BLOOM: How do race and disability shape healthcare experiences in Canada?

Stephanie Lurch: My worldview is that race shapes everything. It’s the longest-standing instrument of social domination. Daniel Ohaegbu is an inclusive workforce leader in Canada and while attending one of his workshops, he explained that if you don’t deal with race along with ability and class and gender, you get an incomplete solution. A white person with a high school degree is more likely to be employed than a Black person with a university degree. 

BLOOM: How are you trying to change how future clinicians are taught?

Stephanie Lurch: I’m trying to make healthcare human again. We’re very good at separating the body into parts. We’re not good at seeing whole people. We talk about the non-compliant patient. Maybe that patient is overworked and under-resourced. Maybe they didn’t have bus fare. I’m trying to move pathology from the individual to the system. I want students to be critically reflexive, not just reflective. To examine what they don’t see underneath the iceberg.

All my teaching is through storytelling or the arts. I’m relying on the traditions of my ancestors. Dr. Mike Evans is a staff physician at St. Michael’s Hospital, an associate professor of Family and Community Medicine at the University of Toronto and a scientist at the Li Ka Shing Knowledge Institute. He talks about stories trumping data and the importance of embedding stories in relationships of care. I’ll remember the story, not the data. Narratives have a beginning, a middle and not necessarily an end. There’s lots of possibility when there’s not an end.
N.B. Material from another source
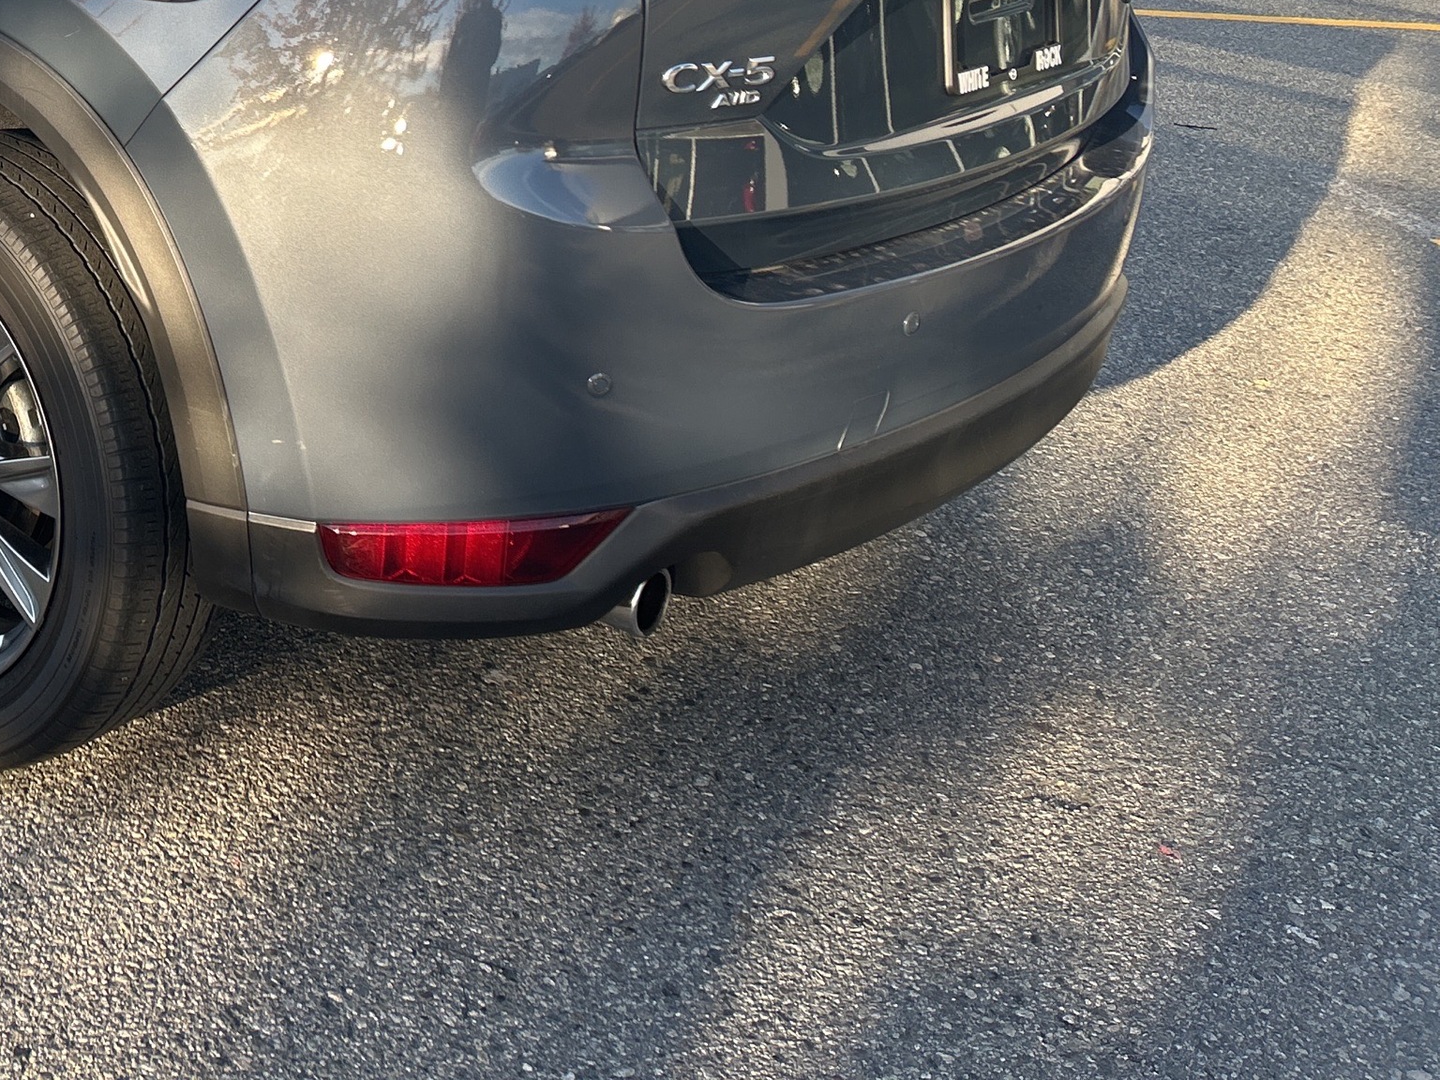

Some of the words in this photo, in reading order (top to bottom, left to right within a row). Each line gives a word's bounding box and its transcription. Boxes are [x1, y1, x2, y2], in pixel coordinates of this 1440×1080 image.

BLOOM: What brings you joy in your work?

Stephanie Lurch: The giggles. The squealing. Being chased by a kid in a walker in a gym class. The pure delight. The smiles.

BLOOM: What is one thing you wish you could change in the system?

Stephanie Lurch: Raise expectations of kids with disabilities instead of lowering them.

BLOOM: What advice would you give your younger self?

Stephanie Lurch: Don’t look away. We’re taught not to stare, but we should be taught to be curious. That involves looking at people and seeing them.

BLOOM: What kind of healthcare system are you hoping to help build?

Stephanie Lurch: One where we can all live a long, happy, healthy life. Whatever that looks like. All is the key word. Not just a few.